Maritimo’s brand director and lead designer Tom Barry-Cotter said the Sanctuary Cove Boating Festival had been very success for Maritimo, with multiple deals being negotiated, and interest in the new M55 and S55 models being strong both here, and also overseas.
Jim’s boat will be at the Sanctuary Cove International Boat Show in May 2021.
Not your tennis racquet!
However, we are very much talking about a sweet spot, and for that matter, perhaps even sweet spots. When the BYD Group showed us a 75m concept that drew inspiration from sailing boats, well it was bound to get us wide eyed, seeing as we’re part of the Sail-World/Yachts&Yachting group.
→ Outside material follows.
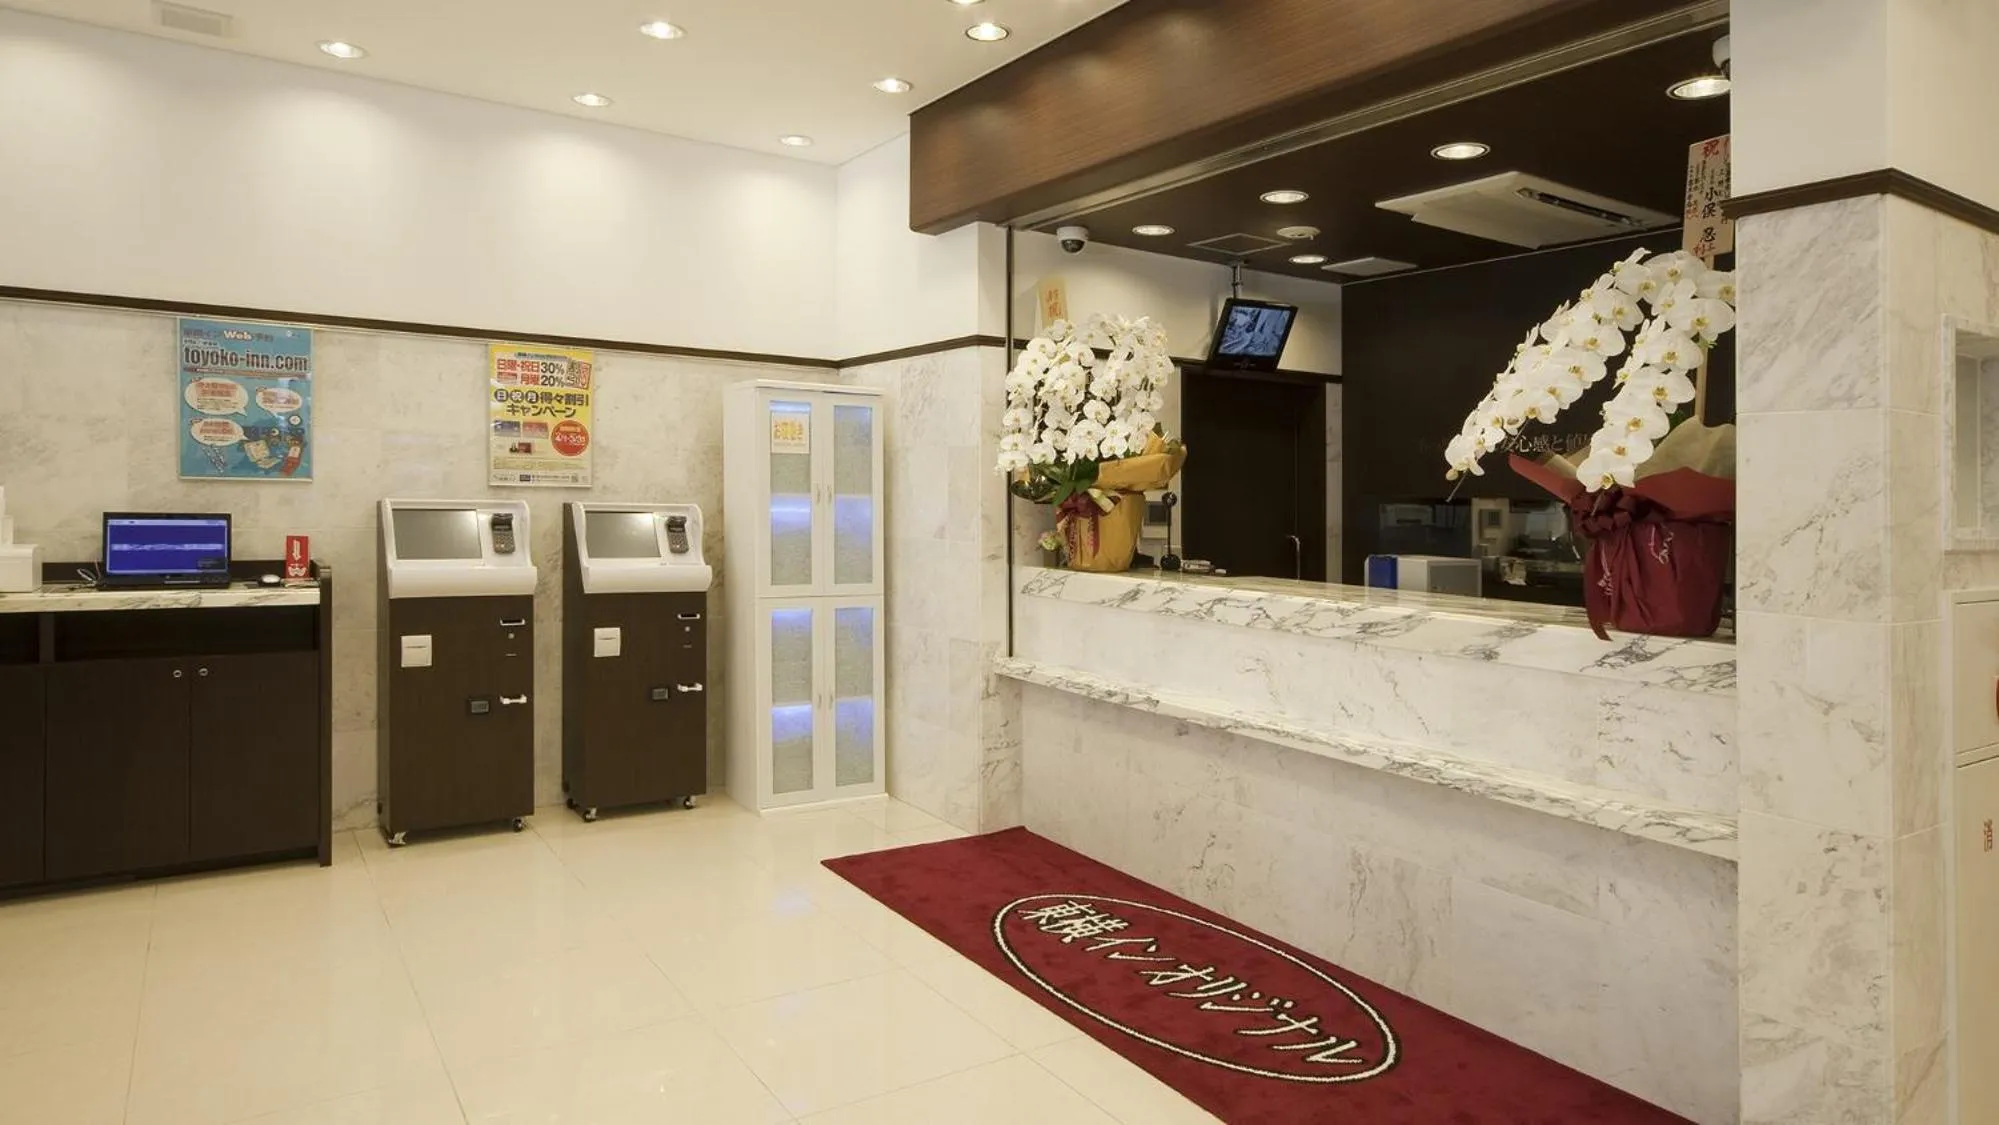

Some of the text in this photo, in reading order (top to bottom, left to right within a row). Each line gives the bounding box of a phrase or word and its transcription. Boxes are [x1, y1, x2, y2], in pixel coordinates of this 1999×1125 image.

Triple hybrid with Diesel, Hydrogen, and Electric propulsion was a big tick, as too the 360 degree views just like on a yacht, but the clincher may well have been that they have a base in Barcelona, a city renowned for its architecture, and especially that of the magnificent Antoni Gaudí.
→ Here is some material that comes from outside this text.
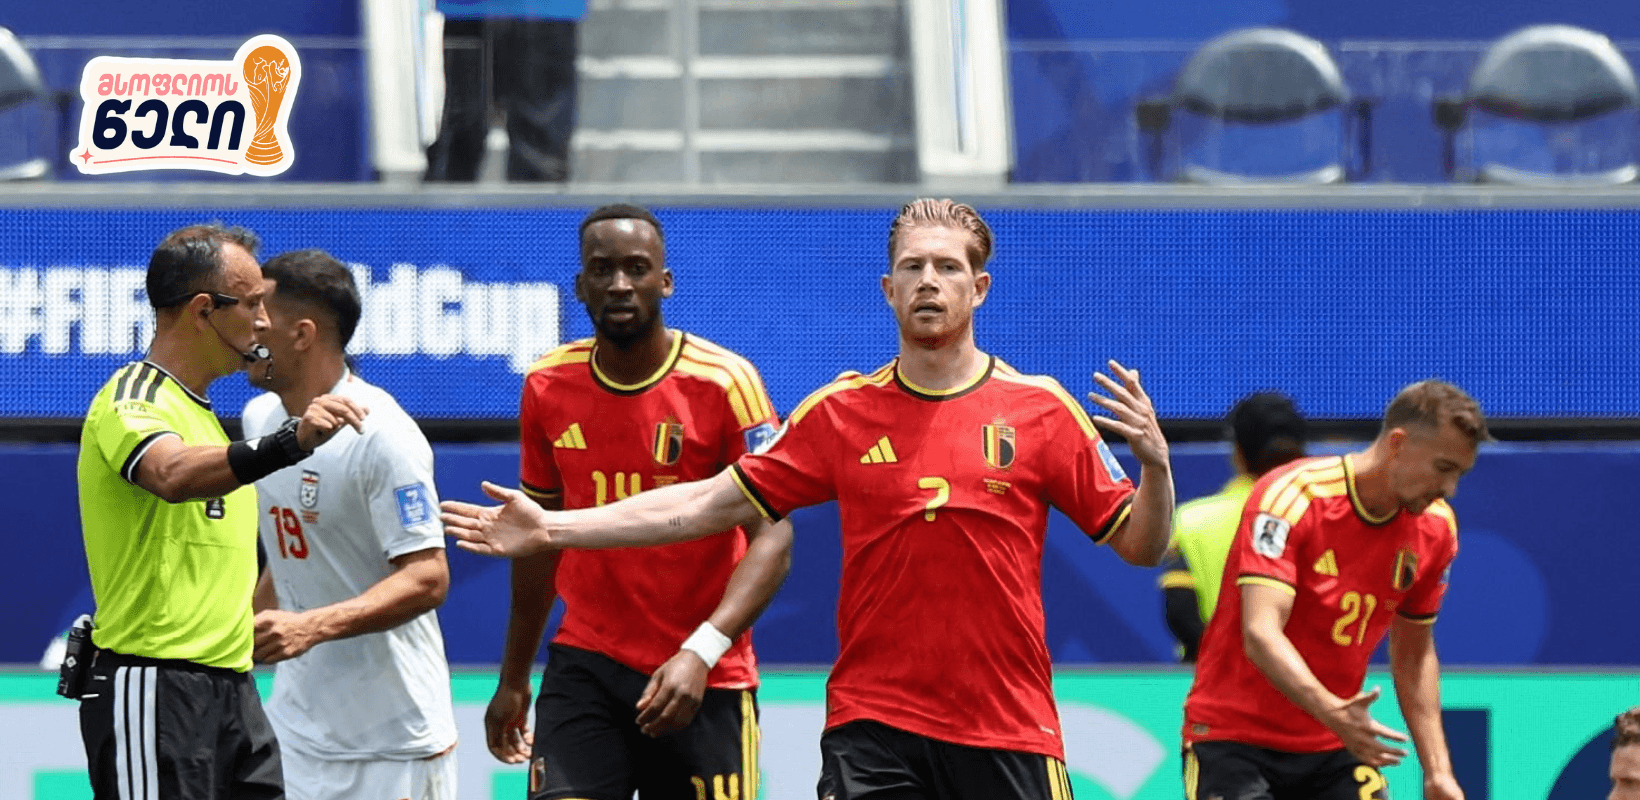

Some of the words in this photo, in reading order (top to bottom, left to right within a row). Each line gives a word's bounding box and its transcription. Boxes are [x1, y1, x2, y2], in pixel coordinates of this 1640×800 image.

Tià Simó and Raúl Gonzalo are the co-founders and partners at BYD Group, and like us, they work in both sailing and motor yachts, except they do design and naval architecture for new builds, and refits. This particular concept was conceived by Simó and Louis Quin, so I went to Simó for a short Q&A.
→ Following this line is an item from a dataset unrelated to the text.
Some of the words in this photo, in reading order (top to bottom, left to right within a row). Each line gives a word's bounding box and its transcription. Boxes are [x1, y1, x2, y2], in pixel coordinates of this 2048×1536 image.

The knuckle out of the water, along with the reverse bow, distinct chine, and overhanging stern is all very now in sailing yacht design, even with production boats like the Jeanneau Sun Odyssey 410 (by Marc Lombard), what can you tell me about your vision here?
“With this bow design, we are maximizing the overall length, with the inclusion of a bulbous bow, and a very narrow half angle of entrance to minimize resistance, and so have a reduced wetted surface area in waves up to 1.5m. The overhanging bow protects the boat from water splashes, apart from giving a flying sensation to the spectator,” said Simó.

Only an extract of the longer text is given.